Task goal: Please give back each entry below unaltered, leaving the pictures out.

Dataset entries
◇ ◇ ◇

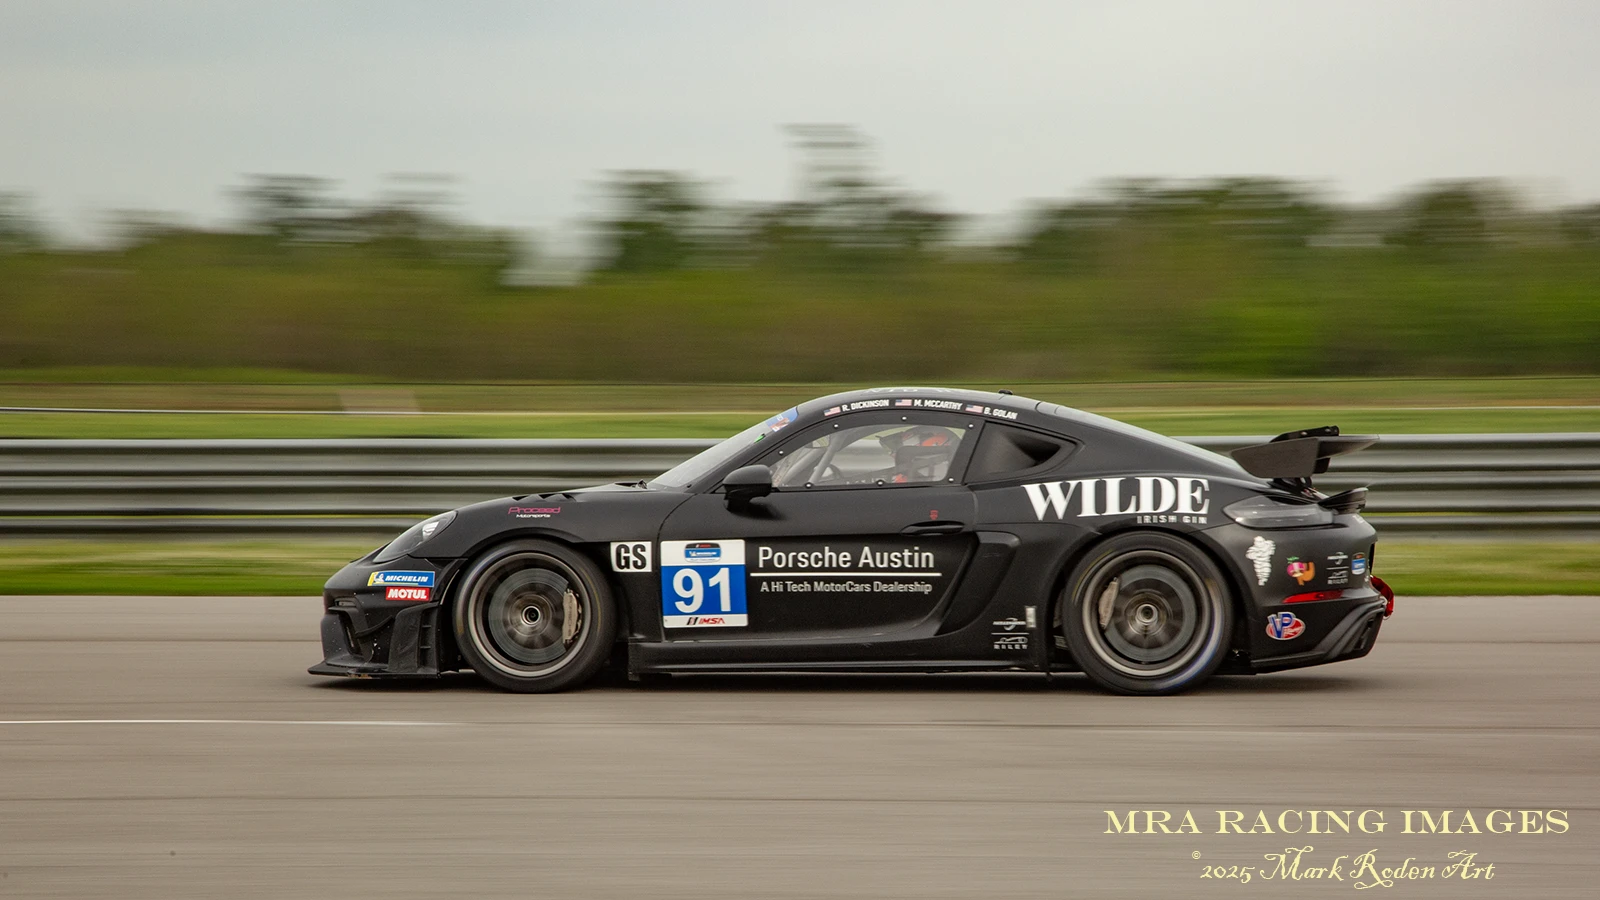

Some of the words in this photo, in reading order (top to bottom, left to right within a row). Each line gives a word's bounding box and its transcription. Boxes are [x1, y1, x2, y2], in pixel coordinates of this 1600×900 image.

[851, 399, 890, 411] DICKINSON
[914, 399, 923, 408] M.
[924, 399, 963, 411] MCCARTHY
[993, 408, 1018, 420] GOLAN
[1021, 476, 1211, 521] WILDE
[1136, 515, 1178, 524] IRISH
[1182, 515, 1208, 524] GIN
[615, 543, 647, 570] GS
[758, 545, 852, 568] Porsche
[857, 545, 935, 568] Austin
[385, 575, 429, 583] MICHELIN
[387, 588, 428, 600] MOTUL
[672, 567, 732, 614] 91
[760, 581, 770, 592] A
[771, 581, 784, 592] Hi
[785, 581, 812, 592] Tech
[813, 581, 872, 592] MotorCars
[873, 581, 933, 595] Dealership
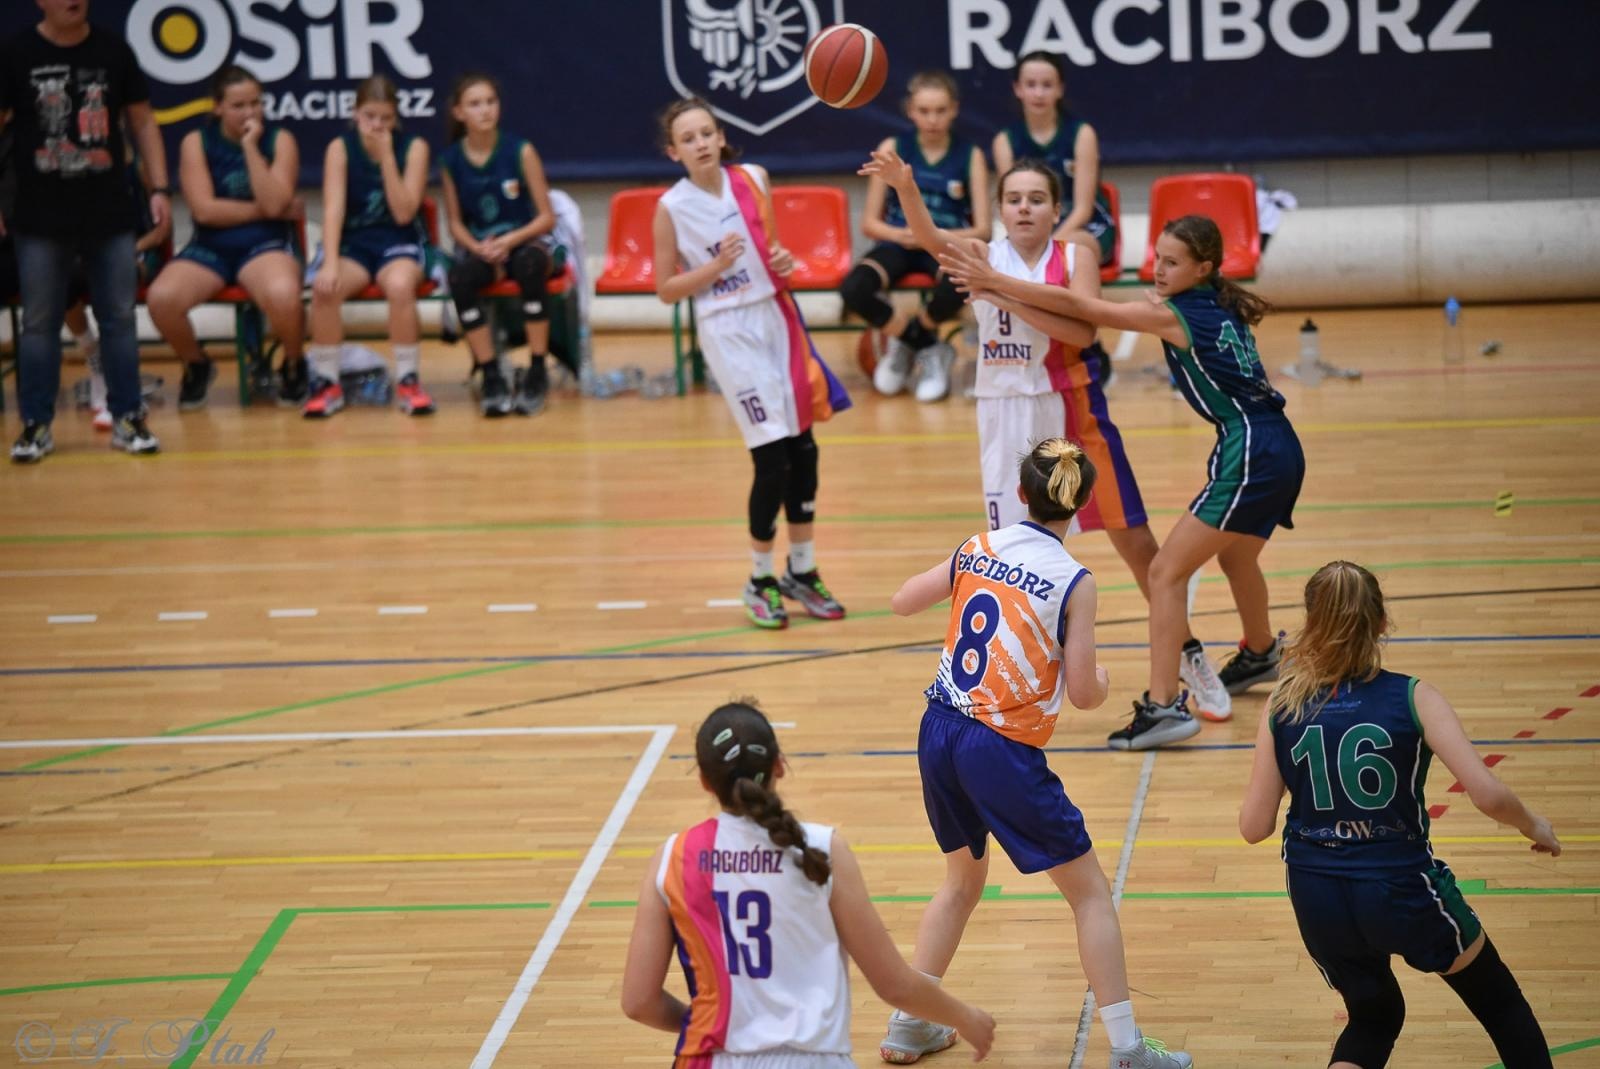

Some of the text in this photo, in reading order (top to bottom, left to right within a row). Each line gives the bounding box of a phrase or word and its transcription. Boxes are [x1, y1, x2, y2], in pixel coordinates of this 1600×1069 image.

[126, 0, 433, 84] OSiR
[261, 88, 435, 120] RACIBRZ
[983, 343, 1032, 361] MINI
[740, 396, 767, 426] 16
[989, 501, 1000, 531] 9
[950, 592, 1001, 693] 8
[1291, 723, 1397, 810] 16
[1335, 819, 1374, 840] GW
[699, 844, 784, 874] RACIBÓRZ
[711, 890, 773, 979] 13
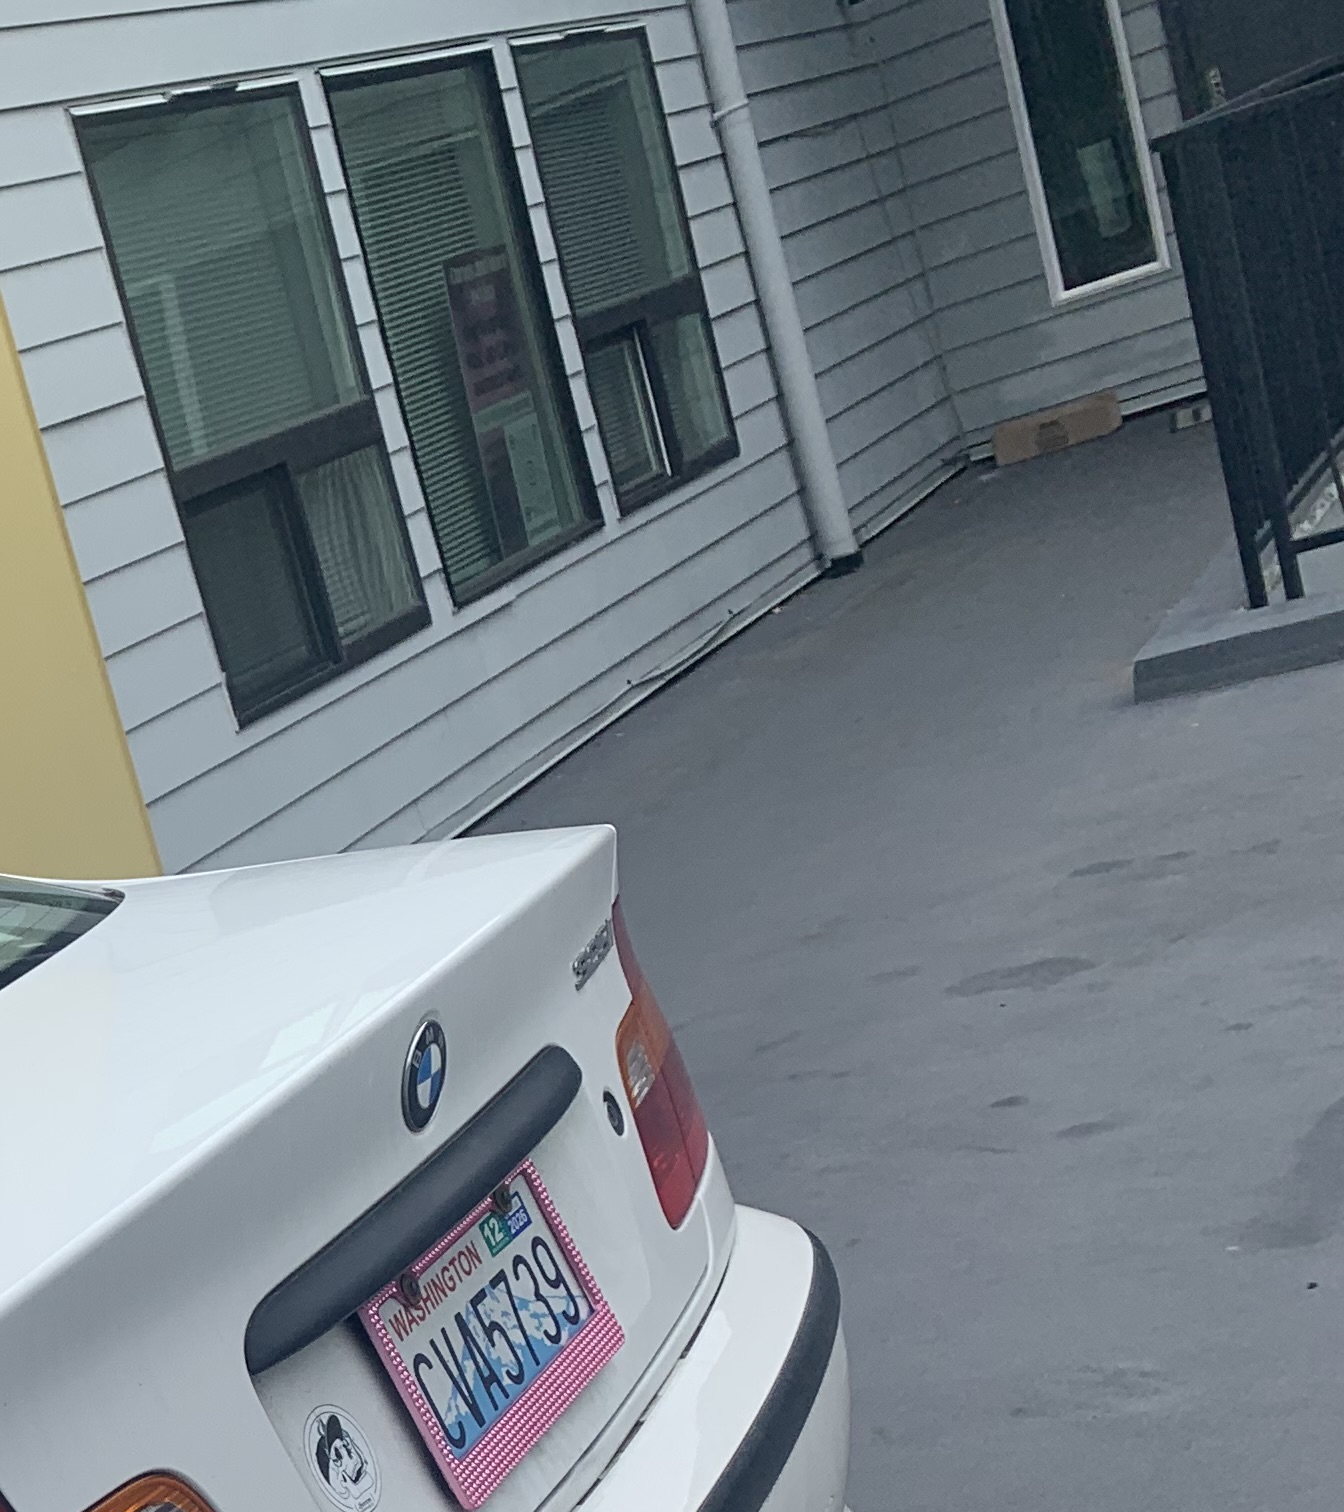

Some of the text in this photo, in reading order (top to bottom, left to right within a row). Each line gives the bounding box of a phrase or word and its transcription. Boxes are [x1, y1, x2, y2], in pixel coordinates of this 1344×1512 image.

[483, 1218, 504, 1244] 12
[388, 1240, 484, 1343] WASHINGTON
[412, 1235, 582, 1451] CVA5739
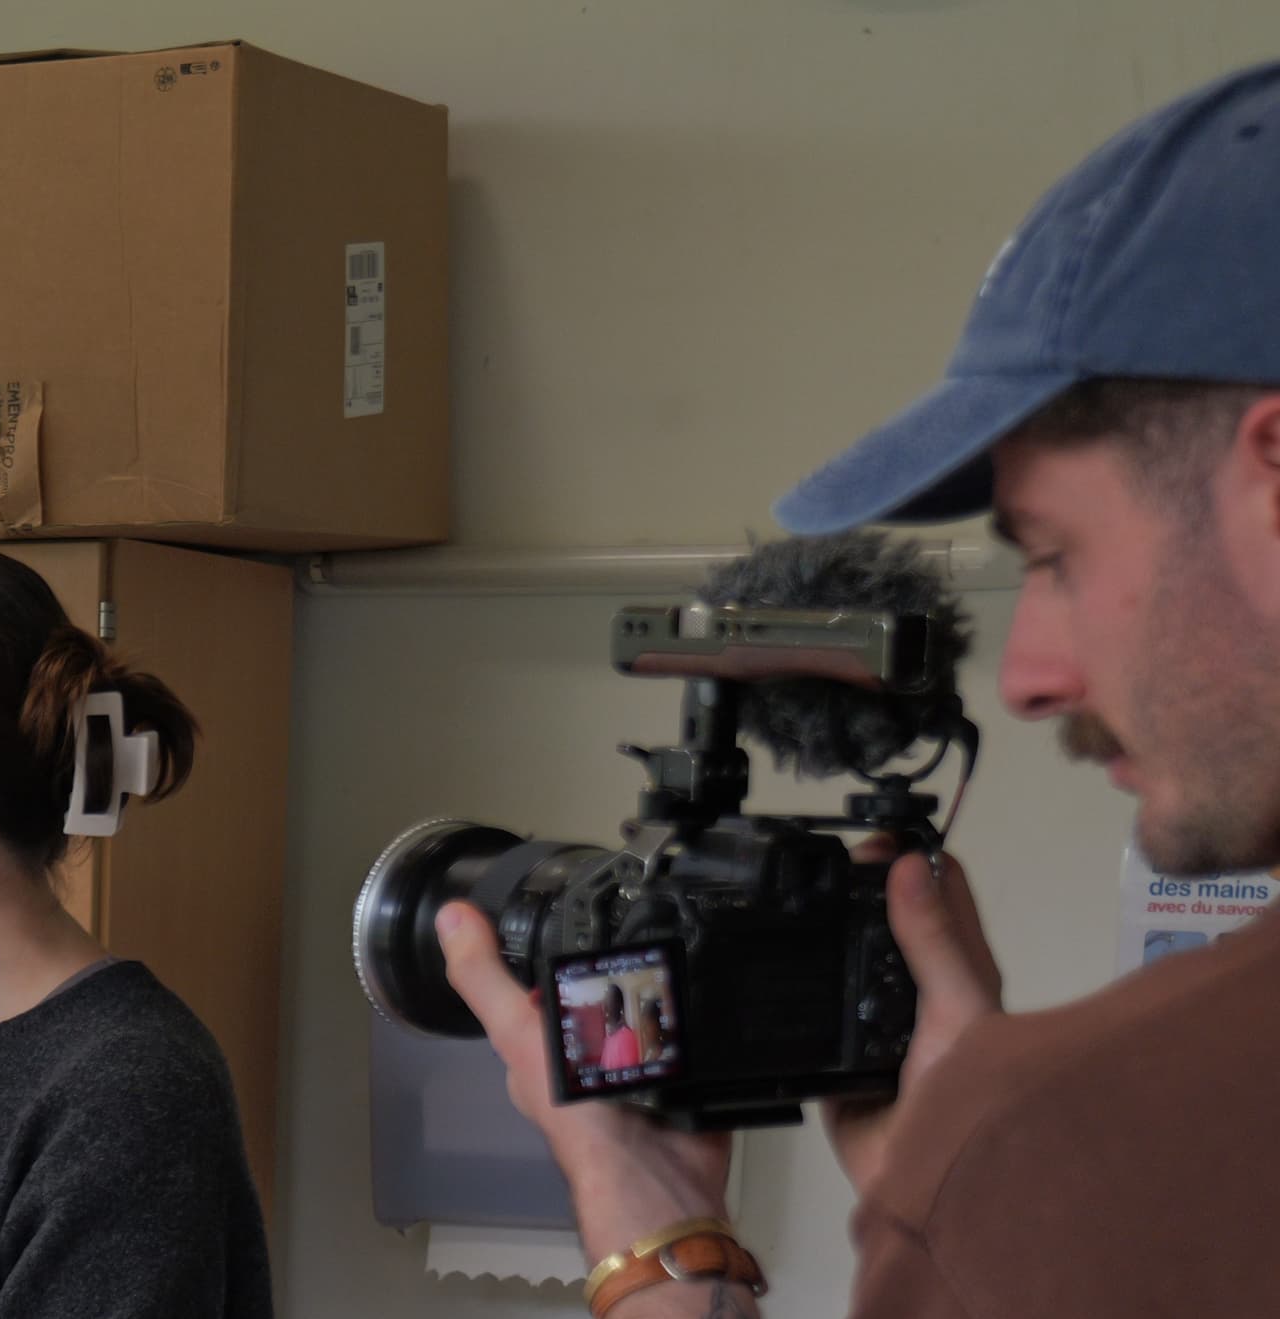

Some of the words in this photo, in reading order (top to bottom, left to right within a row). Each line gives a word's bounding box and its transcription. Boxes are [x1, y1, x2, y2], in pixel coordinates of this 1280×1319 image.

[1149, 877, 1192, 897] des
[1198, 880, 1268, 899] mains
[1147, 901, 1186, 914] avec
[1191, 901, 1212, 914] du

◇ ◇ ◇

Exercise response:
Some of the words in this photo, in reading order (top to bottom, left to right within a row). Each line gives a word's bounding box and its transcription. Boxes are [x1, y1, x2, y2], in pixel coordinates of this 1600×900 image.

[851, 399, 890, 411] DICKINSON
[914, 399, 923, 408] M.
[924, 399, 963, 411] MCCARTHY
[993, 408, 1018, 420] GOLAN
[1021, 476, 1211, 521] WILDE
[1136, 515, 1178, 524] IRISH
[1182, 515, 1208, 524] GIN
[615, 543, 647, 570] GS
[758, 545, 852, 568] Porsche
[857, 545, 935, 568] Austin
[385, 575, 429, 583] MICHELIN
[387, 588, 428, 600] MOTUL
[672, 567, 732, 614] 91
[760, 581, 770, 592] A
[771, 581, 784, 592] Hi
[785, 581, 812, 592] Tech
[813, 581, 872, 592] MotorCars
[873, 581, 933, 595] Dealership

Some of the text in this photo, in reading order (top to bottom, left to right within a row). Each line gives the bounding box of a phrase or word and its transcription. Boxes are [x1, y1, x2, y2], in pixel coordinates of this 1600×1069 image.

[126, 0, 433, 84] OSiR
[261, 88, 435, 120] RACIBRZ
[983, 343, 1032, 361] MINI
[740, 396, 767, 426] 16
[989, 501, 1000, 531] 9
[950, 592, 1001, 693] 8
[1291, 723, 1397, 810] 16
[1335, 819, 1374, 840] GW
[699, 844, 784, 874] RACIBÓRZ
[711, 890, 773, 979] 13

Some of the text in this photo, in reading order (top to bottom, left to right within a row). Each line gives the bounding box of a phrase or word and its transcription. Boxes are [x1, y1, x2, y2], in pixel coordinates of this 1344×1512 image.

[483, 1218, 504, 1244] 12
[388, 1240, 484, 1343] WASHINGTON
[412, 1235, 582, 1451] CVA5739

Some of the words in this photo, in reading order (top to bottom, left to right within a row). Each line gives a word's bounding box and its transcription. Boxes are [x1, y1, x2, y2], in pixel coordinates of this 1280×1319 image.

[1149, 877, 1192, 897] des
[1198, 880, 1268, 899] mains
[1147, 901, 1186, 914] avec
[1191, 901, 1212, 914] du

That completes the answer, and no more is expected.